John Carter’s closest recent parallel is probably Kenneth Branagh’s Thor, in that both films feature fantasy concepts that a contemporary, mainstream audience may find hard to swallow. Thor pulled it off by presenting its world up front and delivering it all straight-faced instead of resorting to eye-rolling irony or tortured attempts to retcon the source material. The subject matter was treated respectfully and helped to put the audience in an accepting frame of mind. John Carter fumbles this just a little. With clunky lines such as “You can’t just bow down to Zodanga!”, unmemorable character names and a marketing campaign that blinked, you’re left with a film that’s occasionally difficult to swallow. Get past that and you’re left with an enjoyable and good-looking action flick with solid performances and some great set-pieces.

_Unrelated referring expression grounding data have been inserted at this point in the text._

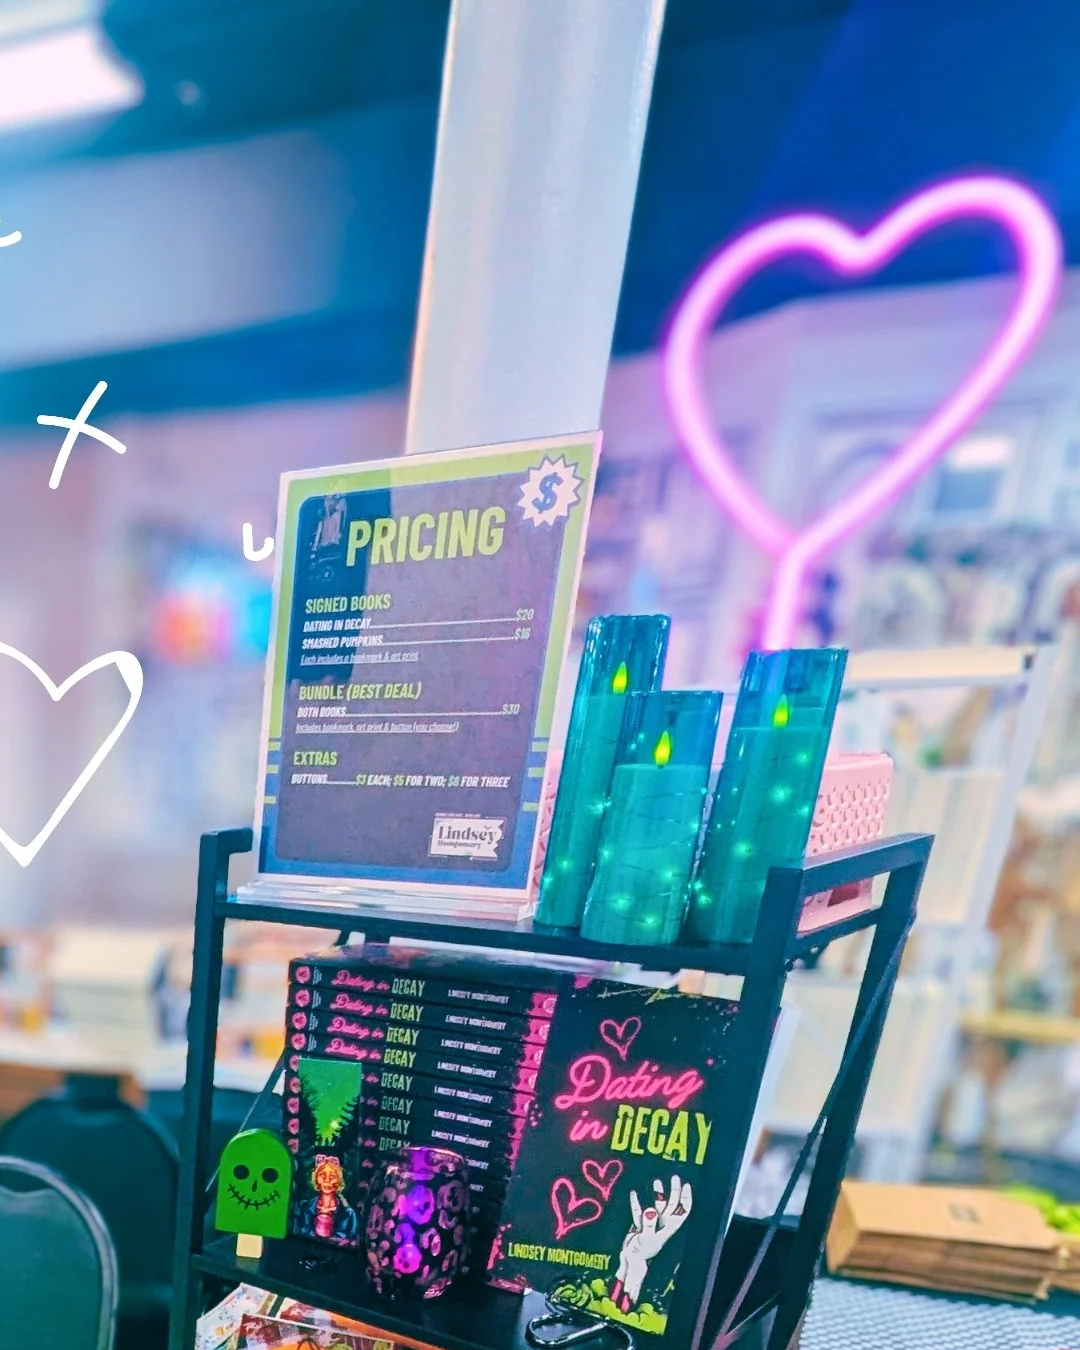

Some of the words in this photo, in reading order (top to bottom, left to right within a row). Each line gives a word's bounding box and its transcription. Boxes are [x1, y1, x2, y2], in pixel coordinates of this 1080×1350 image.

[532, 473, 563, 514] $
[346, 507, 507, 567] PRICING
[305, 597, 347, 614] SIGNED
[350, 594, 391, 612] BOOKS
[303, 618, 333, 632] DATING
[334, 618, 343, 631] IN
[302, 636, 339, 650] SMASHED
[299, 685, 344, 700] BUNDLE
[346, 684, 381, 701] (BEST
[384, 682, 422, 699] DEAL)
[297, 706, 318, 718] BOTH
[293, 751, 337, 766] EXTRAS
[367, 776, 393, 788] EACH;
[405, 777, 423, 787] FOR
[424, 776, 447, 788] TWO;
[461, 776, 480, 788] FOR
[480, 776, 511, 788] THREE
[438, 825, 497, 845] Lindsey
[331, 969, 375, 992] Dating
[392, 978, 426, 997] DECAY
[330, 992, 373, 1016] Dating
[390, 1003, 424, 1022] DECAY
[327, 1016, 370, 1040] Dating
[386, 1026, 420, 1046] DECAY
[325, 1037, 368, 1060] Dating
[383, 1048, 417, 1068] DECAY
[380, 1072, 413, 1092] DECAY
[554, 1052, 706, 1110] Dating
[381, 1096, 413, 1116] DECAY
[379, 1116, 410, 1135] DECAY
[570, 1109, 609, 1143] in
[611, 1104, 713, 1165] DECAY
[507, 1243, 547, 1263] LINDSEY
[547, 1246, 612, 1271] MONTGOMERY

Moans about the title being trimmed to lose the ‘of Mars’ suffix are churlish in light of what the film really is: an introduction. For most of the film, Carter is just John Carter of Virginia and all he wants is to get back to Earth. The film is his journey to become the character he’s better known as, and besides, if you’re going to moan about anything then moan that the title wasn’t ‘A Princess of Mars‘ seeing as that’s the title of the source text OR IS THAT JUST TOO GIRLY FOR YOU, EH?

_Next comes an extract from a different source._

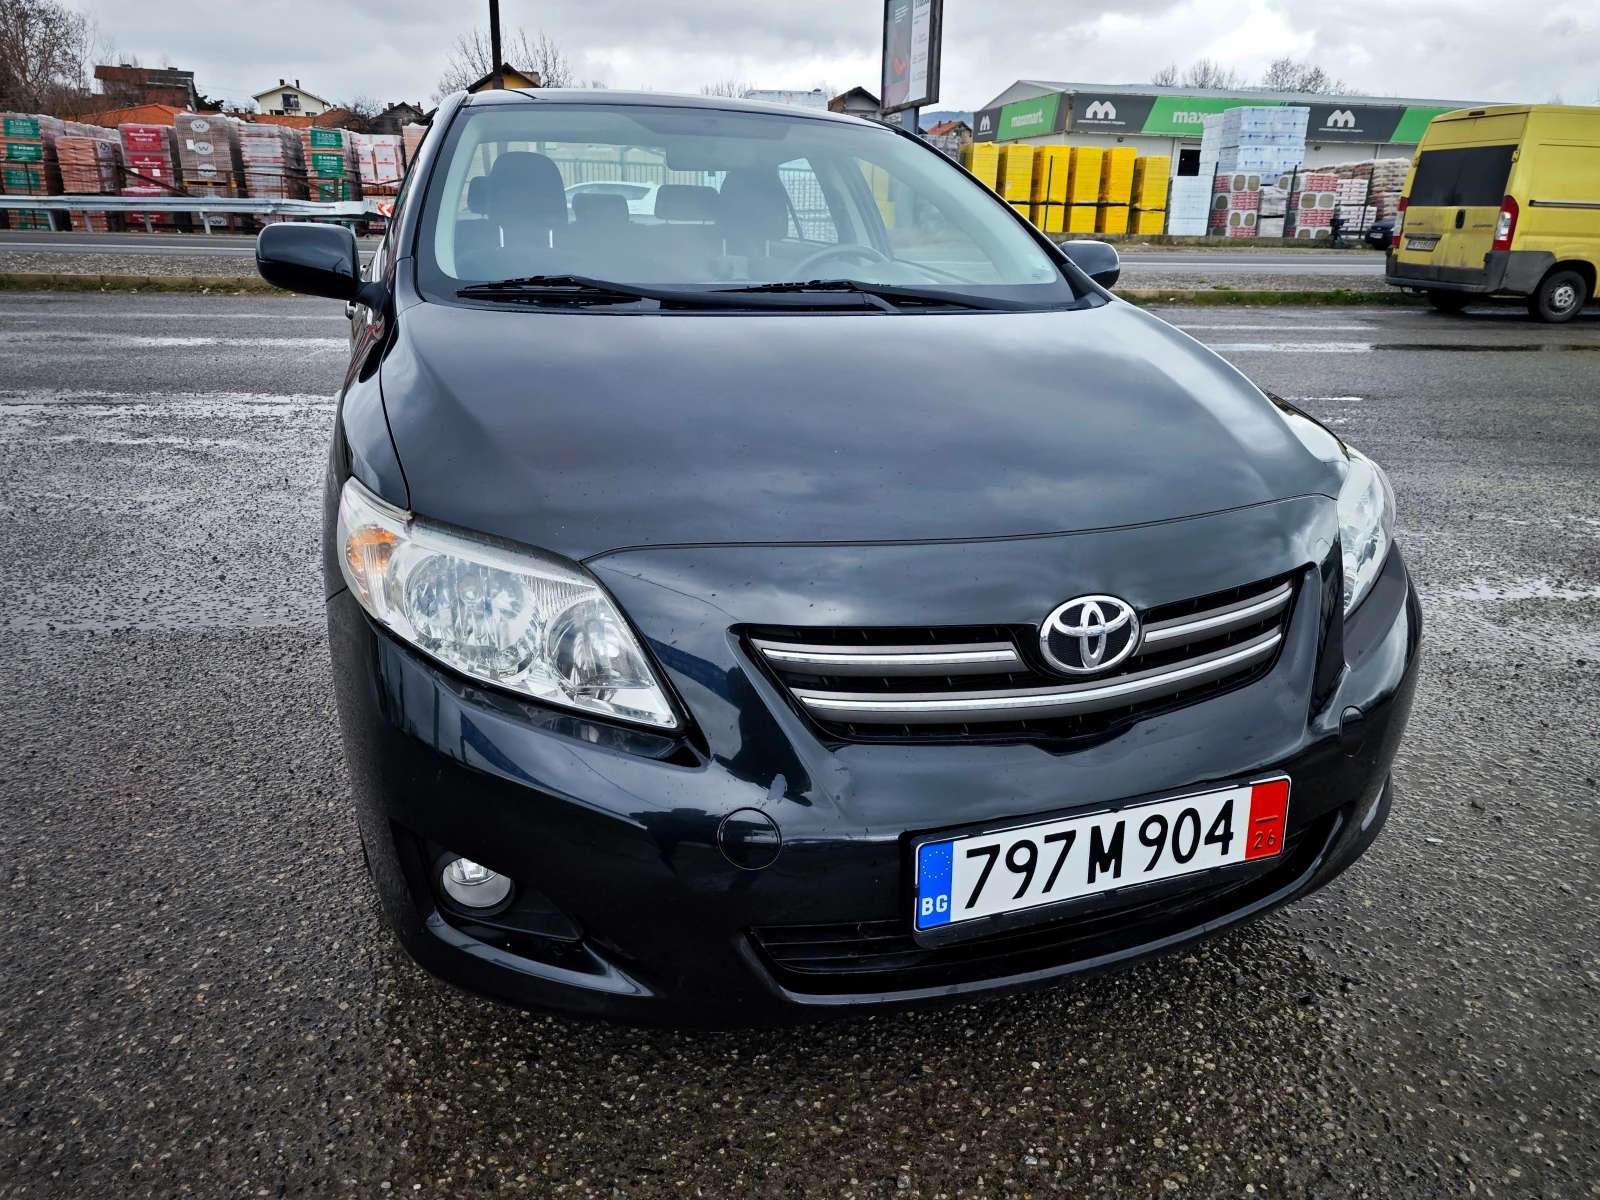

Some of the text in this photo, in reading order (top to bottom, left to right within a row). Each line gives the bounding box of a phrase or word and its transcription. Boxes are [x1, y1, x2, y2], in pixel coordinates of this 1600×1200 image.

“I see you got your shirt off again”

So, John Carter is an origin story, because all SF and fantasy film adaptations must be first presented as an origin story, though in fairness when your source material is 100 years old it’s probably ok to assume some unfamiliarity. Carter is introduced as a down-on-his luck spectator, harrassed by Captain Bryan Cranston who seems to be in the film only to be the butt of some admittedly good physical gags. In fact, for a film that can be a little po-faced there’s a fair bit of comedy early on, and I wondered if Andrew Stanton’s experience with silent comedy in WALL·E helped for the cute scene in which Carter learns to walk in the reduced gravity of Mars.

It’s when Carter has reached Mars that the film’s pace picks up, and it’s like watching A Phantom Menance but directed by someone with taste and talent. Visually, the film is amazing; effects are consistently excellent, ranging from four-armed, 15ft-tall, green-skinned natives to sweeping views of dead landscapes and steampunk cities. Action sequences, with Carter effortlessly bounding across buildings and single-handedly fighting whole armies, are thrilling.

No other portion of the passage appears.